The next day, I heard about his further exploits: Hed found a bar that would let him in, and he continued to get increasingly pissed up on raki.There was a match that night to decide the championship. Fenerbahce won, and The meydan was crowded with supporters. Kevin apparently staggered into the middle of this, and started shouting Fenerbahce are fucking shit! Boring, boring Fener! Chelsea, Chelsea.... He was lucky, apparently, to escape with only bruises.
Such was the Director of Studies for Antik English.

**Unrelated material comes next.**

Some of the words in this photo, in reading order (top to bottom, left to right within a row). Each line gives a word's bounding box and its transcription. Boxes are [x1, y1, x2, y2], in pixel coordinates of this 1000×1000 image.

Sunday, September 24, 2006

Ill.

The students have returned, dragging knuckles and viruses in their wake, plus the peculiar odour of stale biscuits, BO, and neglected body that only teenage British bodies have. Of course, everyone's started to go off work ill. I have contracted the first cold of the year - actually, I'm glad in a perverse way, as it means I'll be unlikely to contract another for at least a few months.

Wednesday, September 20, 2006

Watch Out! Watch Out! There's a (mad bombing Jihadi extremist bloke) bogeyman about!

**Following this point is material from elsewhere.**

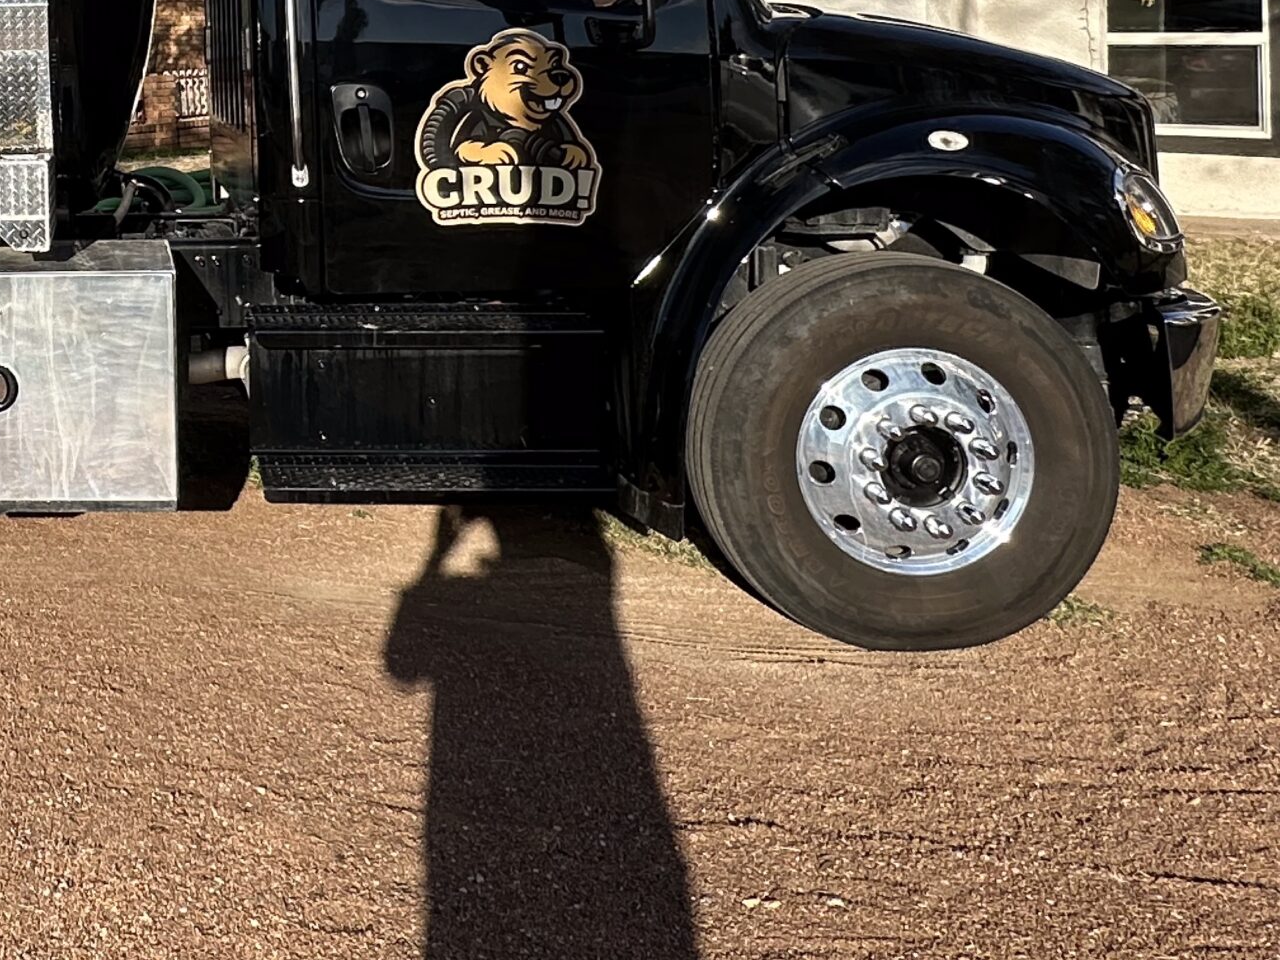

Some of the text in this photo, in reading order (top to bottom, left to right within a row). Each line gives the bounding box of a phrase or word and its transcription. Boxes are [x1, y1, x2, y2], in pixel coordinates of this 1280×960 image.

[423, 165, 594, 209] CRUD!
[439, 207, 580, 219] SEPTIC, GREASE, AND MORE

...or not, as the case may be.
For the love of God, or however you wish to name your creator, what the Hell is John Reid on? His speech and the subsequent heckling are the last thing needed right now. How idiotic:
"These fanatics are looking to groom and brainwash children, including your children, for suicide bombings, grooming them to kill themselves in order to murder others."
Sorry, but this is just another, new variant on the Scary Bogeyman line. You could take this bit from his speech, amend it slightly, and apply it to paedophiles, catholic priests, members of any given cult or opposition political party, or indeed anyone who just happens to look a bit weird, and to pretty much any given epoch in history. After all, the Romans said pretty much the same of the early Christians.
So, how do you look out for a neophyte Islamist fanatic? Apparently, the signs include dropping out of studies, changes in appearance, and hanging out with new friends. Well, that's more or less every single teenager in the UK packed off th Guantanamo Bay, then. I dare say that'd please the average Daily Mail reader.
It is, to put it mildly, deeply irksome to see political leaders who are supposed to know better spout idiotic garbage about subjects on which they are poorly informed. The same, by the way, goes for certain leaders of organised religion. Holy Joe's apparently bumbling lecture, quoting from a medieval Byzantine emporer, helped to push back Christian-Muslim relations by at least a decade, and looks incresingly like a deliberate ploy by a man more than well-crafted in the arts of Vatican sophistry.
As I have mentioned before in this blog, I would far rather see a priestless God than all these Godless priests; That would save us all the collossal fuckups we endure from people who assume their view of the world is infallible, and all other comments are anathema. Have you ever met a faultless person?
Thought not.

Wednesday, September 06, 2006

All hands to the pumps!

It's a very busy week - enrolments and queries rolling in, queues of sullen-looking teenagers loitering in the corridors, the sudden smell of old biscuits that appears at this time of the year, people flapping around with bits of paper to no apparent purpose, a small mountain of work appearing on my desk, to stay there ignored till I can safely file it away in the recycling bin at the end of the year - and so, not much time to blog with impunity. I must also say that there is a hiatus in my thinking process at present. I have stuff to say, I just can't seem to squeeze it out.

Monday, September 04, 2006

Genius?

Took part in the BBC's Test The Nation quiz on saturday - got only 6 wrong, putting my I.Q. at over 146. Apparently. So if I'm so clever, how come I earn bugger all?